I did not think any type of printout from the Fed would override local laws and rules, but I am not up to date on that stuff. Do you really beleive that a printout would hold any ground if confronted by an official? If I knew I was free and clear, my mind would be made up to ride with no fear of getting a ticket. Heck, I received a ticket once in front of the local bus terminal for riding on the sidewalk near the curb at less than walking speed. It ultimately was a $75.00 fine to pay. The cop must have been having a bad day. He was not nice at all. I posed no harm nor were their any signs posted. He was a real JAG. LOL

Yeah, I also spoke to George at Kozy. I was on the top floor by myself for about 40 mins before being helped. Glad you had a good experience though!
George was very nice and patient. If you do not look like a serious shopper, perhaps you will not be waited on too quickly. Good job on the Credit Card out there! Not sure whether I want to do a conversion kit, or go full swing into a BULLS or Specialized. Mark over at Cycle Smithy quoted me a great deal on a Specialized Turbo! Kozy does not have either on to test ride. The closest dealer for BULLS is in WI...
Take Care and be safe Marc! THX.
ROJA
3 weeks ago
Douglas Ruby
I know the Strava estimate is low since it under estimates the weight of the bike significantly. So at full Turbo, I believe that the motor puts out quite a bit more power than I do.
Hey Douglas- In your Strava profile, there are gear settings where you can include the weight of your bike. I'm not sure if Strava factors that into the power estimates, though.
StormTrooper2
3 weeks ago
Between some lower back and torso pains, some bad weather, and then the Flu, I've had little seat time on my Turbo for almost 8 weeks (I've gone on shorter rides on my Trek Domane 4.5). A little esearch uncovered the reason for the body pains - I'm riding long distances (28 miles each way) commuting, but have not been doing a variety of activities that build core strength (e.g. swimming, strength training, and core exercises with the big inflated ball, etc.). The take away from all my reading boils down to this: Cycling requires core strength, but cycling doesn't build core strength. I most likely wouldn't notice this fact as painfully if my commute was shorter. The problem is that as the legs and glutes get stronger relative to a weak torso, the core is over worked simply trying to be a stabilizing foundation for all the forces the legs and glutes repetitively apply over the course of a 56-mile round trip commute 2 or 3 times per week. So I've seen rapid improvement following the ball exercises and strength training, though I've limited my biking to short fitness rides (about 16 miles) on the Trek. My goal is to build the core, then return to the long commutes.
Uniball
3 weeks ago
Marceltt
Wow I think you just sold me on this light. Thank you. Any problems with this light since you owened it.
I'm at our place in Switzerland at the moment. Bought the light, along with a Turbo X while I was over here. Haven't seen either. Sitting in my garage in the USA.

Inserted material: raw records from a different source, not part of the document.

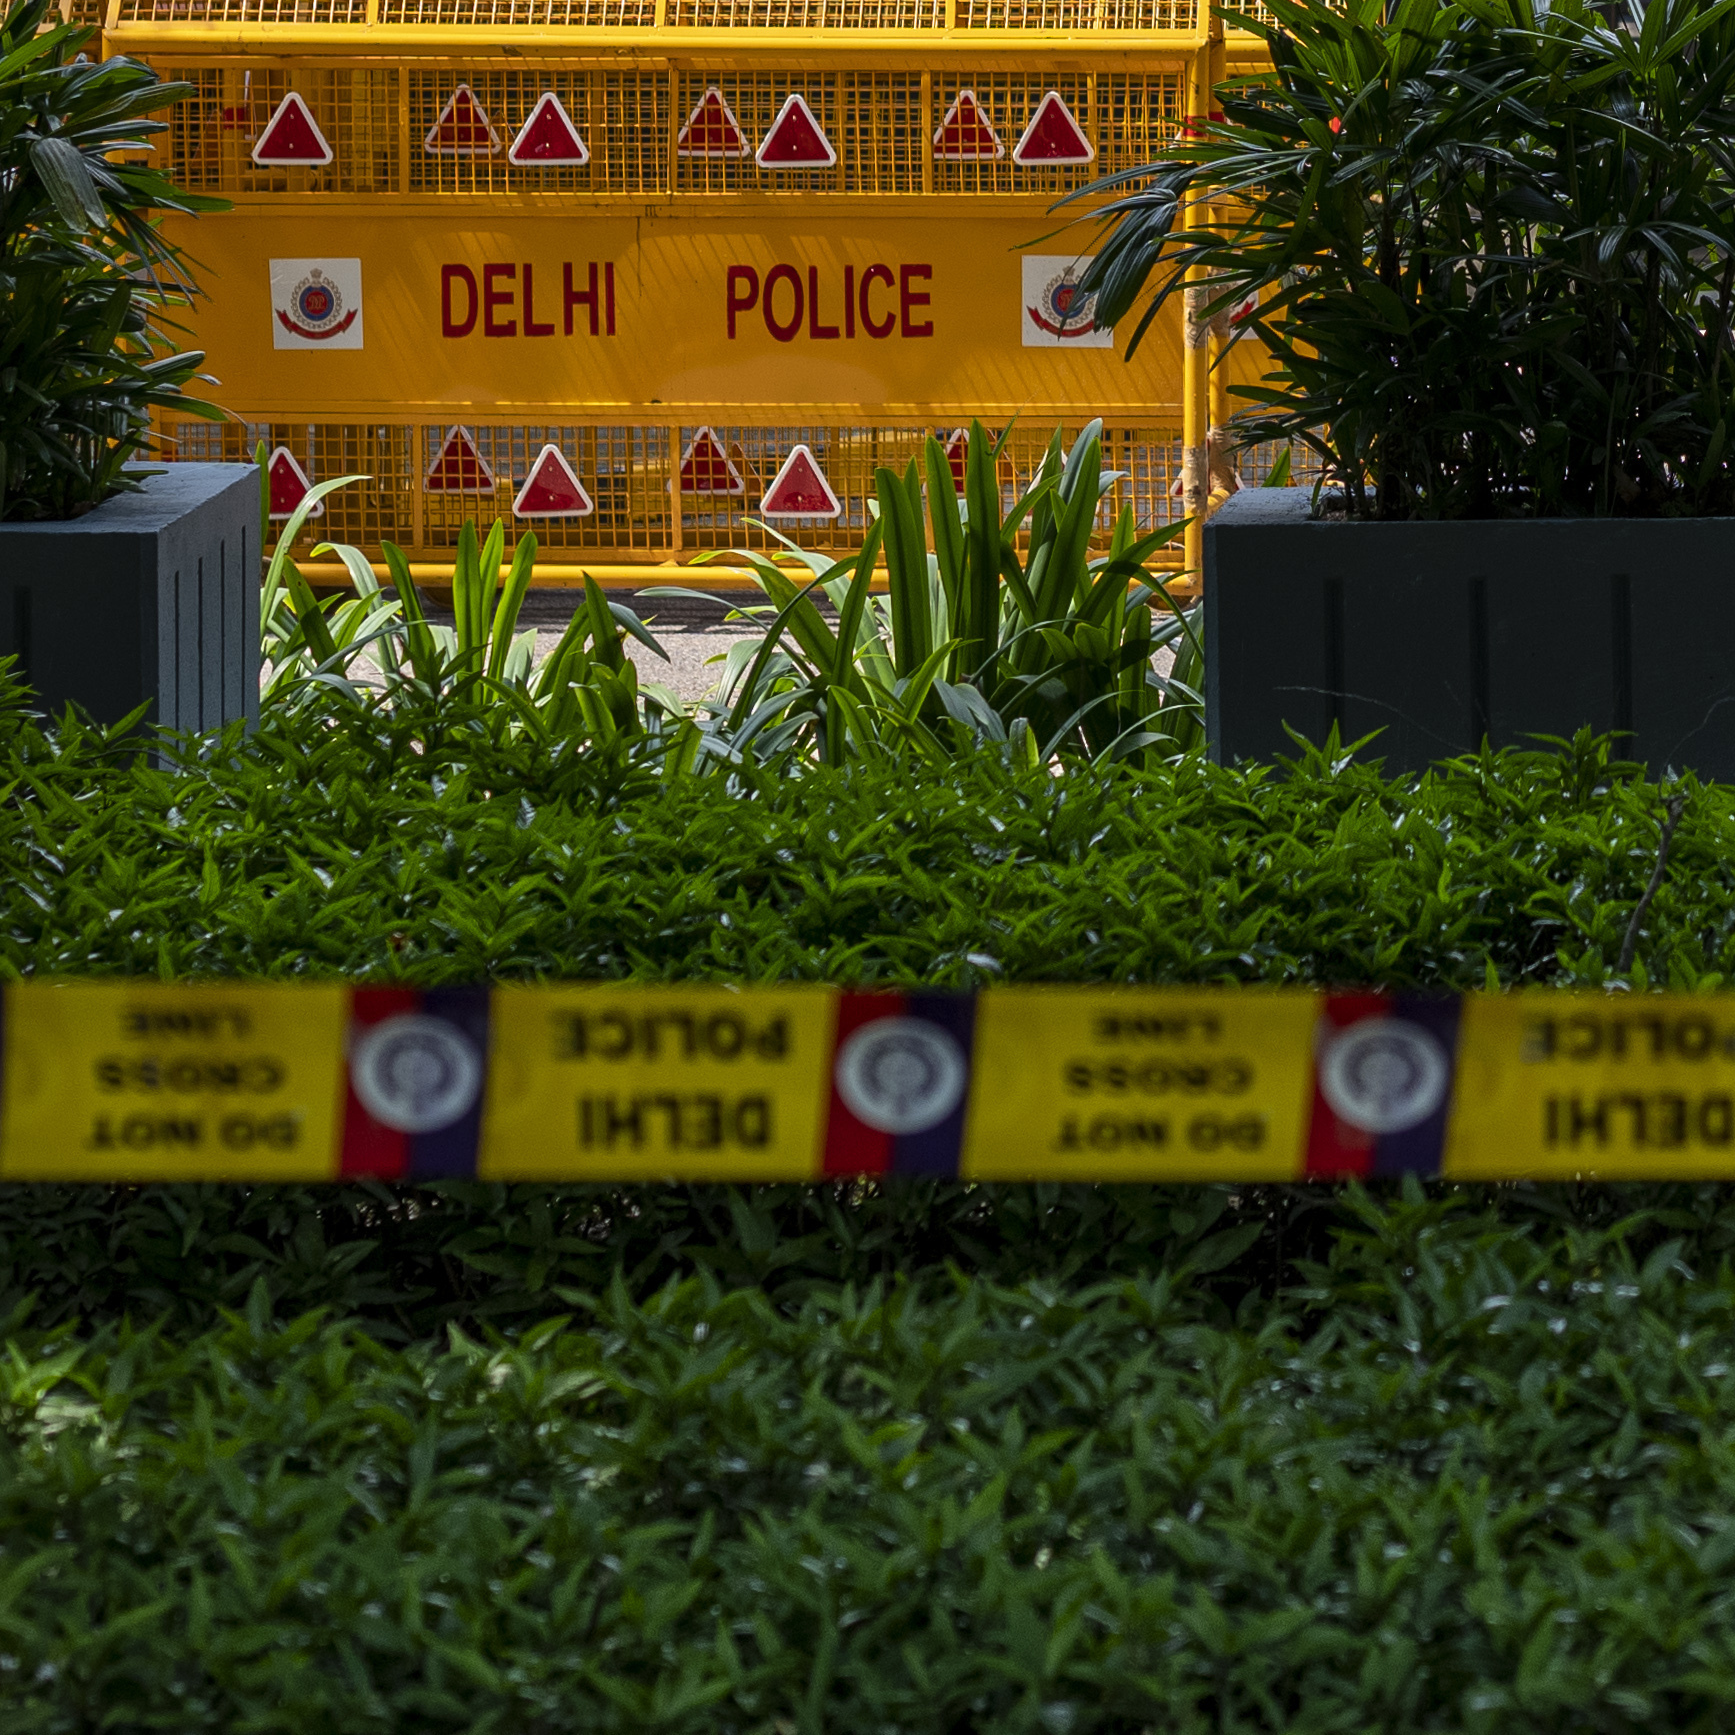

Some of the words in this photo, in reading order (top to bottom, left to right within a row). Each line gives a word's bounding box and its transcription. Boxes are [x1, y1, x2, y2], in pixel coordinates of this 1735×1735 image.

[441, 262, 616, 339] DELHI
[726, 262, 934, 343] POLICE
[550, 1006, 793, 1063] POLICE
[88, 1113, 200, 1153] NOT
[218, 1112, 301, 1153] DO
[577, 1091, 774, 1153] DELHI
[1054, 1113, 1170, 1154] NOT
[1187, 1113, 1268, 1153] DO

My son though has had the light for near a year now. This is Central Europe at its worst weather wise. I believe I've seen no more than 5 hours of blue sky in the last three weeks. He's commuting in the rain every day. The light's working fine.
John Kiniston
3 weeks ago
Do you know if it's possible to adjust the limiter? Mine doesn't seem to do anything different on setting 1 2 or 3 other than change the display on the dash.

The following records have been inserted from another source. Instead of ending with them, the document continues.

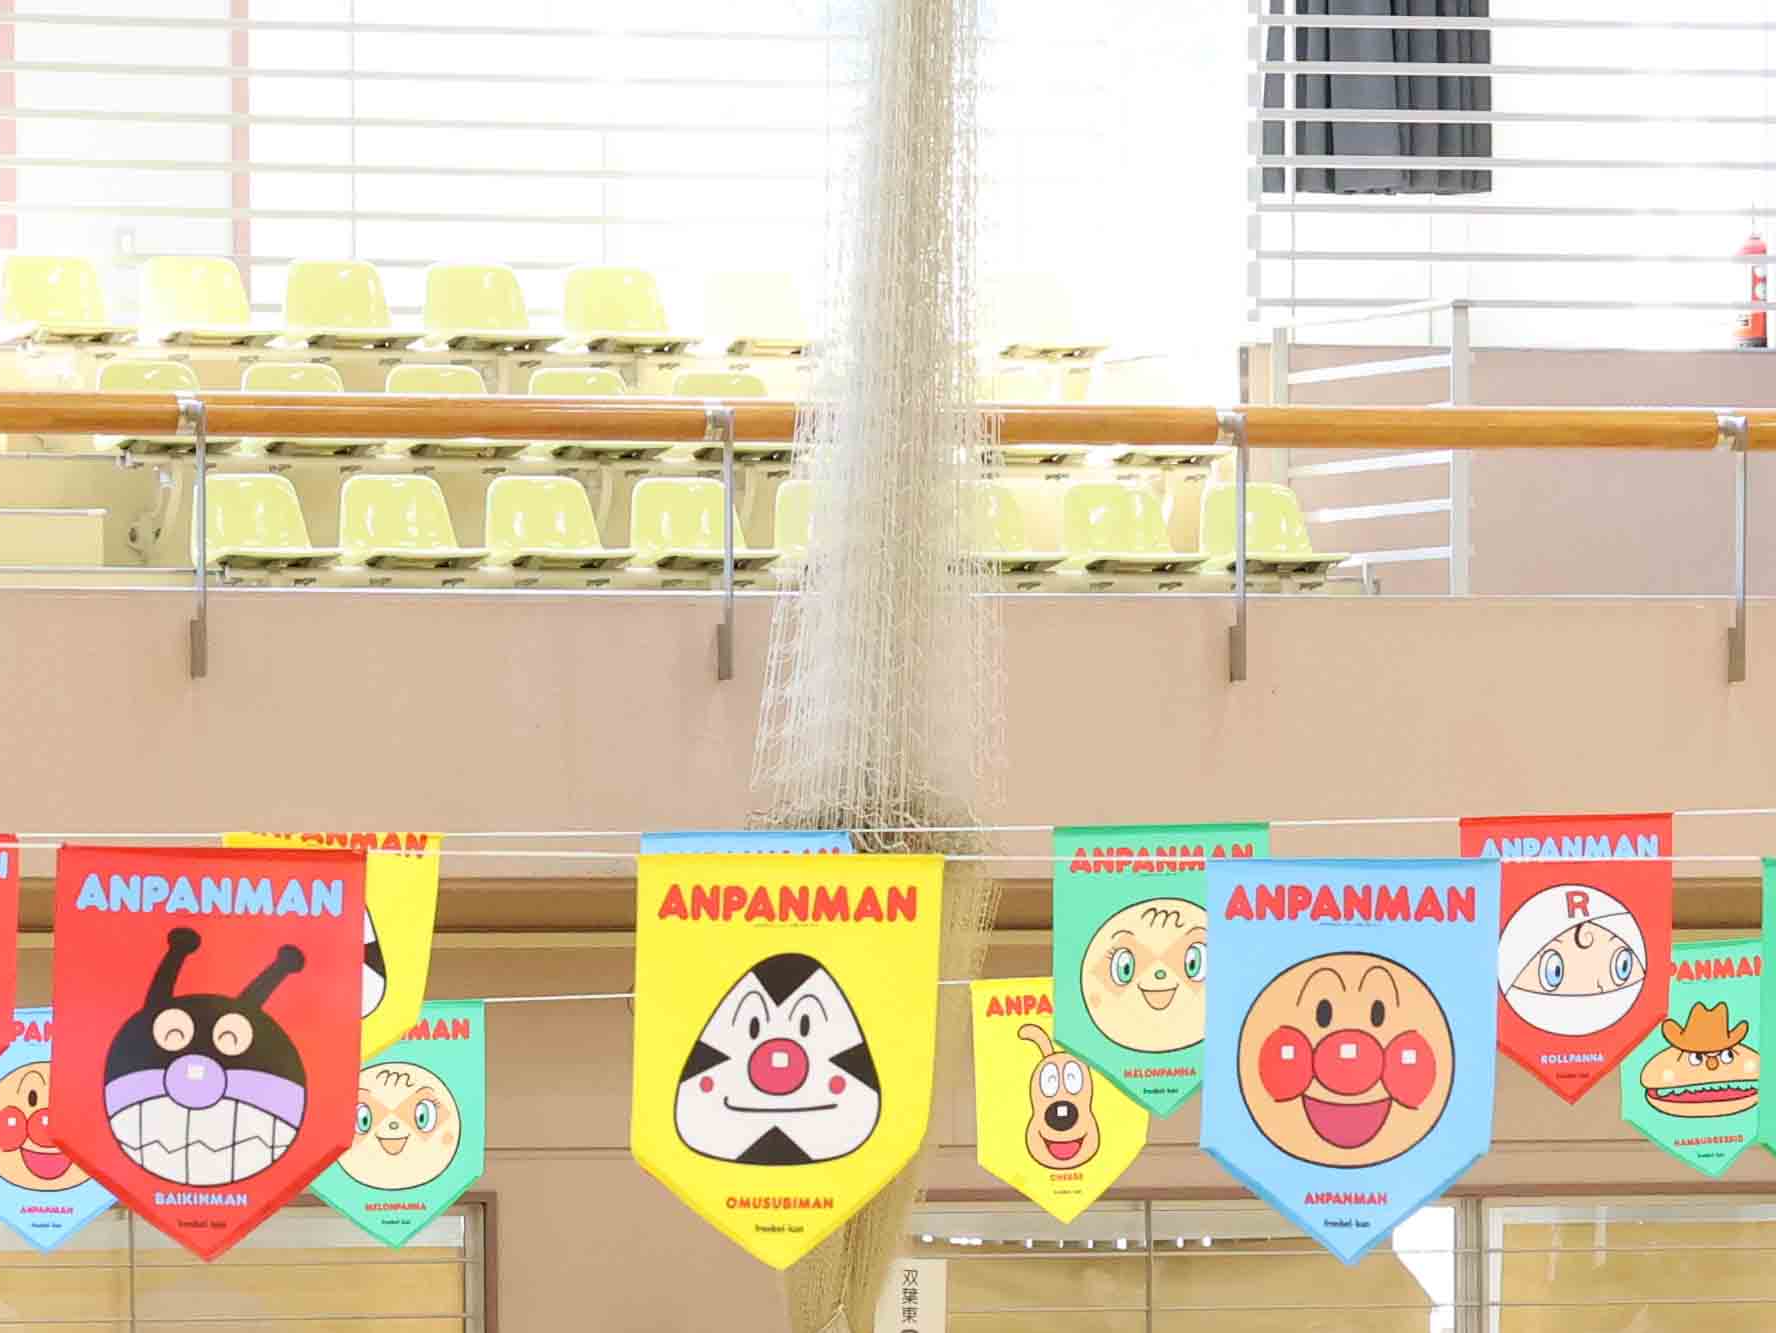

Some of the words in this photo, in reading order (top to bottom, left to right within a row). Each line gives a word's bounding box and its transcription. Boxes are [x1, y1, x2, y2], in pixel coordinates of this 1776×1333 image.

[1480, 834, 1658, 862] ANPANMAN
[75, 873, 344, 917] ANPANMAN
[657, 883, 918, 923] ANPANMAN
[1225, 884, 1476, 922] ANPANMAN
[986, 994, 1053, 1019] ANPA
[154, 1191, 248, 1209] BAIKINMAN
[726, 1196, 834, 1210] OMUSUBIMAN
[1303, 1191, 1388, 1206] ANPANMAN
[901, 1268, 920, 1324] 双葉東

Maybe it's linked to the Turbo setting in the app?

Thanks for responding!
ferrellms
3 weeks ago
Douglas Ruby
I think you are mostly right. One can get more than 200 watts at full Turbo for short periods of time. I was thinking more in terms of average motor output rather than peak in my earlier post. I have found that battery life doubles at ECO40-50 compared with TURBO and Strava power estimates scale back accordingly once you subtract the amount of power I typically can add to the equation. However, I do not agree about your statement that if I am putting out 100 watts the motor only puts out 100 watts in full Turbo. My average output on my own is in the 115-120 watt range (based on riding my non assisted bike). When I ride my Turbo "hard" at a 25 mph average, the overall power average in Strava can be as much as 270-280 watts. I know the Strava estimate is low since it under estimates the weight of the bike significantly. So at full Turbo, I believe that the motor puts out quite a bit more power than I do.
Hi, this is an interesting discussion, so I did some investigation. Here is some speculation about how all this works that fits our experiences and intuitions. It has to do with how torque and power relate.

Power and torque are related but not the same thing. Power = torque * cadence. Voltage is directly proportional to wattage. Varying the voltage (by varying resistance) is how battery-operated power is controlled.

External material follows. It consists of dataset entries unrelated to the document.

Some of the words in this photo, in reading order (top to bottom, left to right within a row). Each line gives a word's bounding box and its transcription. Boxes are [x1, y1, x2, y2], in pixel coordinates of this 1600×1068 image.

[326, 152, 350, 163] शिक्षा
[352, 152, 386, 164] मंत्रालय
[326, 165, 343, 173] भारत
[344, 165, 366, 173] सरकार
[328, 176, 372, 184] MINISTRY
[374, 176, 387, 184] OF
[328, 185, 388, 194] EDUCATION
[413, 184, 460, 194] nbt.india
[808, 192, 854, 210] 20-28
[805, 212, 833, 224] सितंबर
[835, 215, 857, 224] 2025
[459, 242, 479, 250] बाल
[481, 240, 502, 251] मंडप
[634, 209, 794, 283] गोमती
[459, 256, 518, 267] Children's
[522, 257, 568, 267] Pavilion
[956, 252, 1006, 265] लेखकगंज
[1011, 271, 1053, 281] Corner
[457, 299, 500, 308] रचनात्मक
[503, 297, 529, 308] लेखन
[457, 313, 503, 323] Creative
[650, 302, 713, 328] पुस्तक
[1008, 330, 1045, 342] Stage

So if I can sense torque as it changes, and I can sense cadence as it changes, and I have a battery whose characteristics I understand and can control voltage for, I can compute the power needed to match the power the rider is putting out as it changes, and control the voltage changes needed to match that power. If I then multiply that by ECO -

It is indeed possible that the base power factor for computation of the amount of power to put out is more than 100% of the rider power, which would account for your observations.
Douglas Ruby
3 weeks ago
ferrellms
Hi, I am not sure this is correct. I believe that the wattage used varies based on your pedaling wattage. I believe that the torque sensor senses your wattage and then tells the motor to apply that amount multiplied by ECO. So, if you are putting out 100 watts, in full turbo the motor is also putting out 100 watts, but if in ECO 50, is putting out 50 watts. This also allows the motor to really put out short-term power (like your legs can for a brief time) far beyond the rated power (reportedly up to 750 watts for the motor in my bike).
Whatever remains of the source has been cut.